If you look at the medicine supported websites you’ll see the following:
Like many pharmaceutical drugs, statins can have body wide side effects and may also interact with other medicines you take. potential side effects can include:
Did I just hear that right? 60% of people on statins get no benefit from reduction in heart attacks! I wonder what the figures are for reduction in heart attacks by adopting a healthier lifestyle. When you consider that 9% of people on statins will get adverse effects on every cell in their bodies. This is due to a reduced ability to release energy from the mitochondria (the powerhouses of the cell) due to the reduction of Co-Enzyme Q10. This is well documented to adversely affect muscle, but it can also lead to fatigue of nerves too. However some studies have found that Statins may help improve dementia. These studies however are not high quality and further research is needed. (3)
When I see data like that and patients who are stiff and ache all over I begin to question if this reliance on statins is worth the loss of quality of life for at best a 40% reduction in CV events. I also wonder why time and time again patients who are on statins don’t get advised to take Co-enzyme Q10 when statins adversely affect your ability to produce energy through the inhibition of Co Q10.
Here’s another little known fact. After a year of taking Atorvastatin any increase in HDL (the good fat) is gone and in fact a reduction in the good fat from the starting baseline is often found. It is also noted that the first dose is the most effective, subsequent increases in dose have a much reduced benefit at 6% reduction in LDL as opposed to around 50% for first intial dose.

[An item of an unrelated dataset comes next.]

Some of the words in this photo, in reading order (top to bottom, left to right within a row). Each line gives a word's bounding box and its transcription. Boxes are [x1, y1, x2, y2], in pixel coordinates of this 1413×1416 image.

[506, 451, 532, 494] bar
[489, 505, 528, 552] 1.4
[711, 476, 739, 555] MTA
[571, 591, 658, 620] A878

If your GP recommends that you go on a statin and you have struggled with commonly associated significant stiffness aches and pains; there are alternatives available. Colesevalam is a statin that works more specifically at a “gut level”, so does not produce side affects of muscle and joint pain and stiffness. It can for some however cause constipation and flatulence. So neither is perfect but may be a more favourable solution. It is however much more expensive that a generic statin.

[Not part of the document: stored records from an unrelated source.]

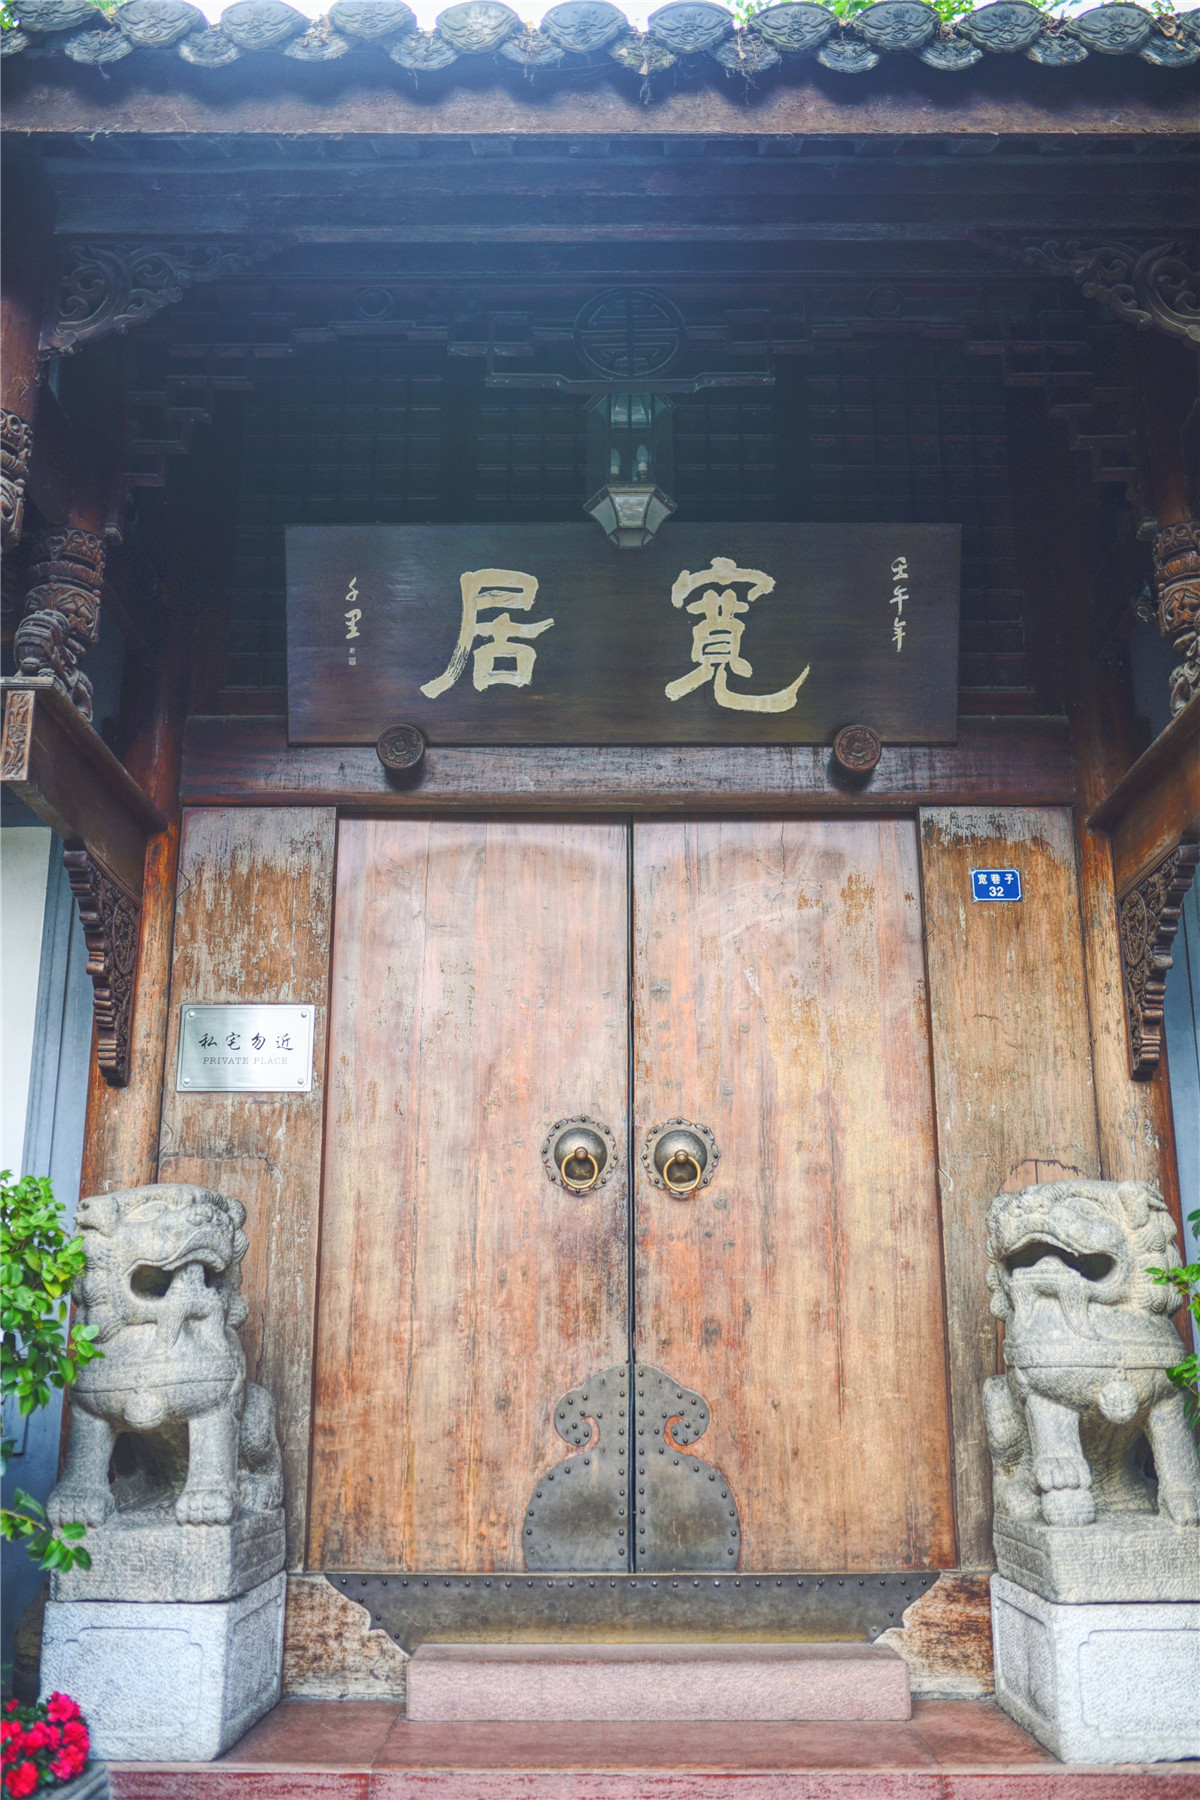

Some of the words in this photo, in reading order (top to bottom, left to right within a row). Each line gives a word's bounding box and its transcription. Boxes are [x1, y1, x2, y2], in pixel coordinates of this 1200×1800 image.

[977, 873, 1014, 885] 宽巷子
[988, 886, 1005, 897] 32
[198, 1032, 294, 1051] 私宅勿近
[202, 1056, 249, 1065] PRIVATE
[253, 1056, 288, 1065] PLACE

Here’s a viewpoint from a GP;
The important bits: Nice (the National Institute for Health and Care Excellence) has issued guidance that proposes reducing the cardiovascular primary prevention risk threshold – the level of risk at which statins can be prescribed – from 20% to 10%. In other words an increase in prescribing of statins.

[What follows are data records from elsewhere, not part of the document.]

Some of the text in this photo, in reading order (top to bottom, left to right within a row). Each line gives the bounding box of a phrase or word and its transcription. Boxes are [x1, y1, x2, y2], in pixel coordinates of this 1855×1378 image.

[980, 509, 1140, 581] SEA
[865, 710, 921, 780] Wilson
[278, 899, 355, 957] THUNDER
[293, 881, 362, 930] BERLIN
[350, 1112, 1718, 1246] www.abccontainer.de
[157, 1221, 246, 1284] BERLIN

In May 2014 a national conference of general practitioners passed a unanimous motion calling for Nice to recommend such changes only on the basis of a full disclosure of trial data. This was followed in June by an unprecedented open letter to Nice (click link to read) from a number of senior doctors and academics expressing four main areas of concern: medicating healthy people; non-disclosed side-effect data; relying on industry-funded statins trials; and conflicts of interest within Nice.
There needs to be more transparency with respect to statins. Eat a diet high in good fats and lower in bad fats. There is plenty of info out there and we will add some suggestions in the near future.
A viewpoint on statin effects – benefits and problems Thomas F Whayne, Jr, MD PhD FICA Int J Angiol. 2008 Winter; 17(4): 178–180.
Coenzyme Q10 and statin-related myopathy. Drug Ther Bull. 2015 May;53(5):54-6. doi: 10.1136/dtb.2015.5.0325.
Statins and cognition: a systematic review and meta-analysis of short- and long-term cognitive effects.Swiger KJ1, Manalac RJ, Blumenthal RS, Blaha MJ, Martin SS. Mayo Clin Proc. 2013 Nov;88(11):1213-21. doi: 10.1016/j.mayocp.2013.07.013. Epub 2013 Oct 1.